He turns to go, but only manages a few steps before he turns back, covering the ground swiftly, and crouches in front of the stone. He reaches out again, this time with both hands, fingers pressed against the V and the L. "I love him, you see," he says and feels the corners of his mouth lifting almost despite himself. "It's a strange thing, but I do. Not the way that you...but it's tough enough being dead, you don't need a lecture on Plato on top of everything. I just wanted you to know. He's safe because I love him."

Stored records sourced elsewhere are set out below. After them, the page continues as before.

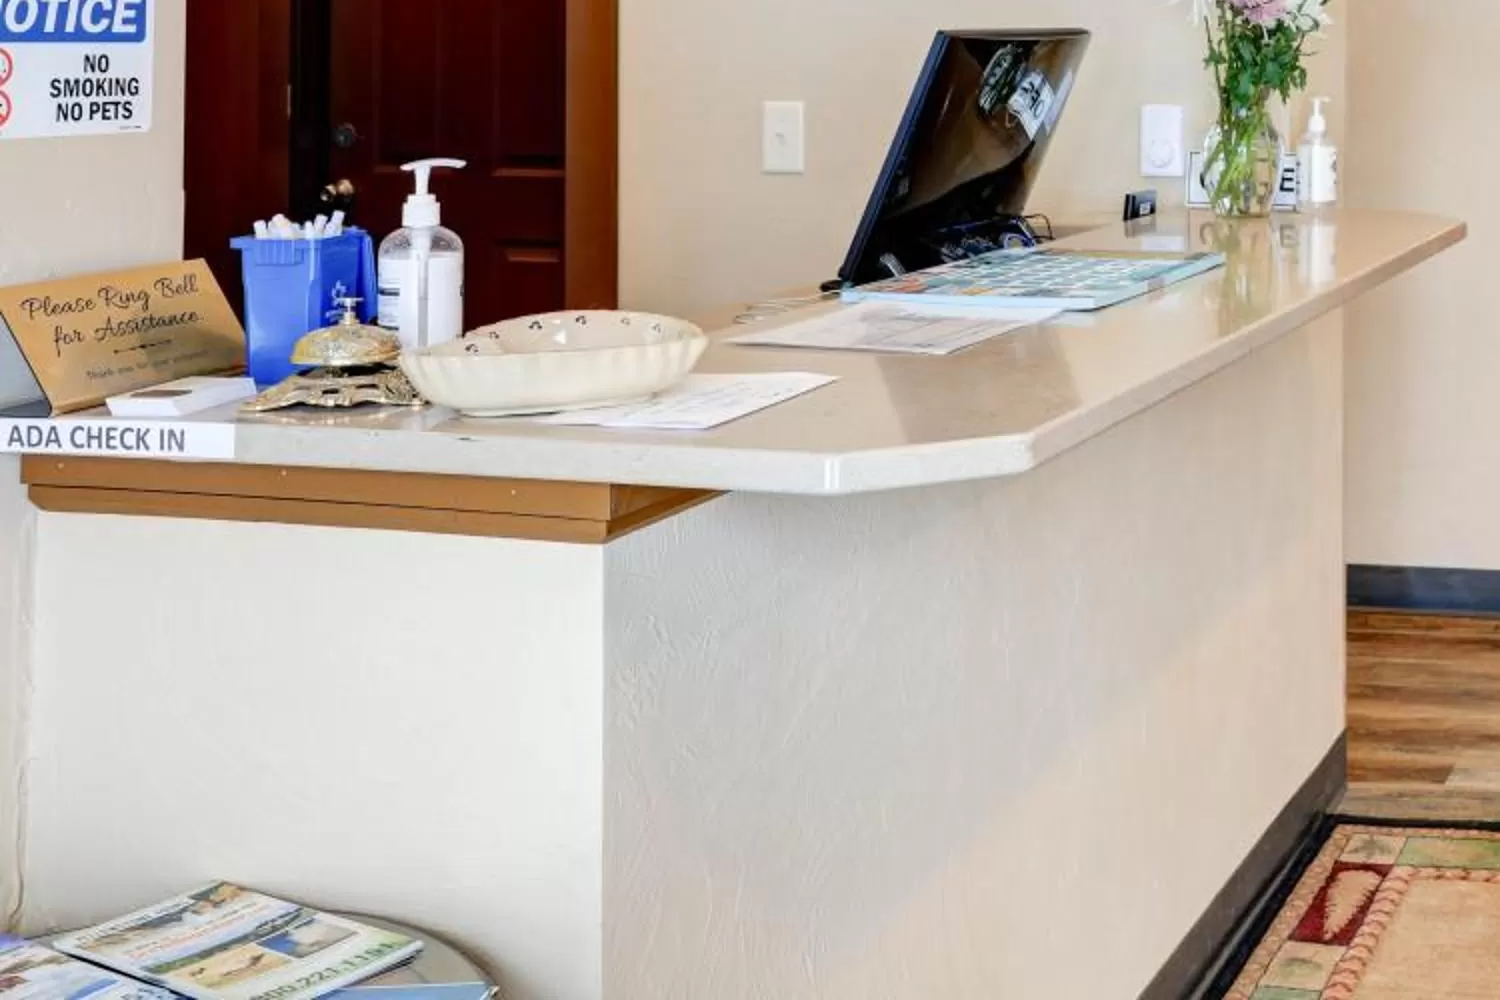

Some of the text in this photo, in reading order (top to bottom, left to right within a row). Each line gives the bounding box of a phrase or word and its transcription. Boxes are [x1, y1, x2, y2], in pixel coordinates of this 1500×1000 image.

[83, 54, 110, 73] NO
[49, 77, 140, 98] SMOKING
[56, 101, 133, 122] NO PETS
[20, 274, 198, 320] Please Ring Bell
[53, 324, 85, 357] for
[7, 425, 185, 452] ADA CHECK IN
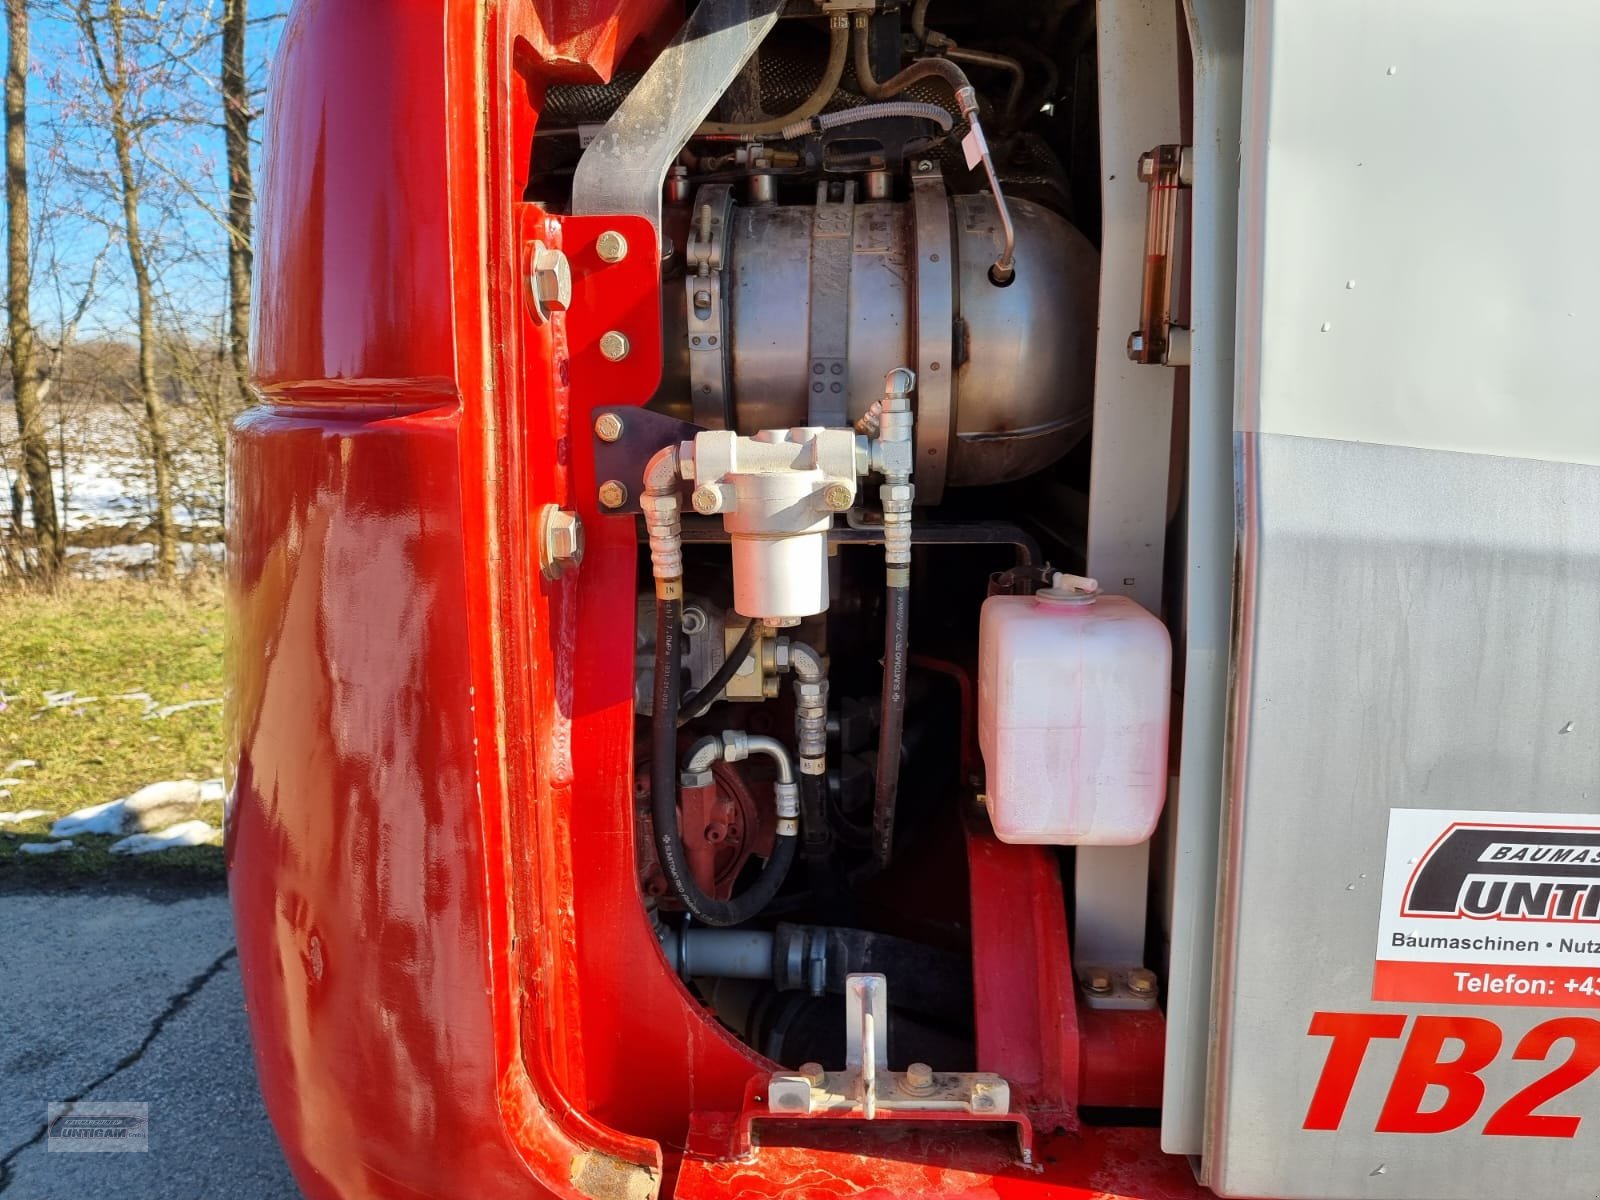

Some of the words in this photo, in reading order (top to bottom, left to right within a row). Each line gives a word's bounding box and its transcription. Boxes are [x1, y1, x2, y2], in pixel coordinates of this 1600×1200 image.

[665, 586, 675, 594] IN
[1463, 880, 1600, 917] UNTI
[1391, 932, 1539, 952] Baumaschinen
[1559, 938, 1600, 954] Nutz
[1453, 972, 1555, 995] Telefon:
[1302, 1011, 1600, 1139] TB2

James rocks back on his heels. "Wow," he says, because he's never spoken that thought aloud before. It isn't something he's ever cared to examine in the light of day. He nods. "Amen," James murmurs. "I suppose." Something inside him twists free, and it's as if his heart spreads open like a flower reaching for the sun.

James is halfway out of the graveyard when his phone rings. He pulls it out of his pocket and glances at the display. It's Lewis. Momentarily guilty, James casts a look back over his shoulder at Valerie Lewis's grave. A coincidence, surely?

"Yes, sir...Lew...Robbie," he says, answering the call. It's the weekend after all. "What do you need?"

Lewis's voice warm in his ear, James takes his sunglasses off the collar of his t-shirt and slides them over his eyes.

"U-huh," he says. "Ten minutes, probably. Maybe fifteen. Mine's a pint."

James ends the call, lifting his face up and letting the late afternoon rays wash over his skin. He closes his eyes. If he stays out in the sun much longer he'll be cooked just like the half-ton of dead meat sizzling on grills across the Oxford suburbs. Red-faced cooks everywhere are taking their eyes off the prize to wipe their brow or swig a beer and finding that a moment is all it takes to burn, but it's a whole lot longer to scrape the black away.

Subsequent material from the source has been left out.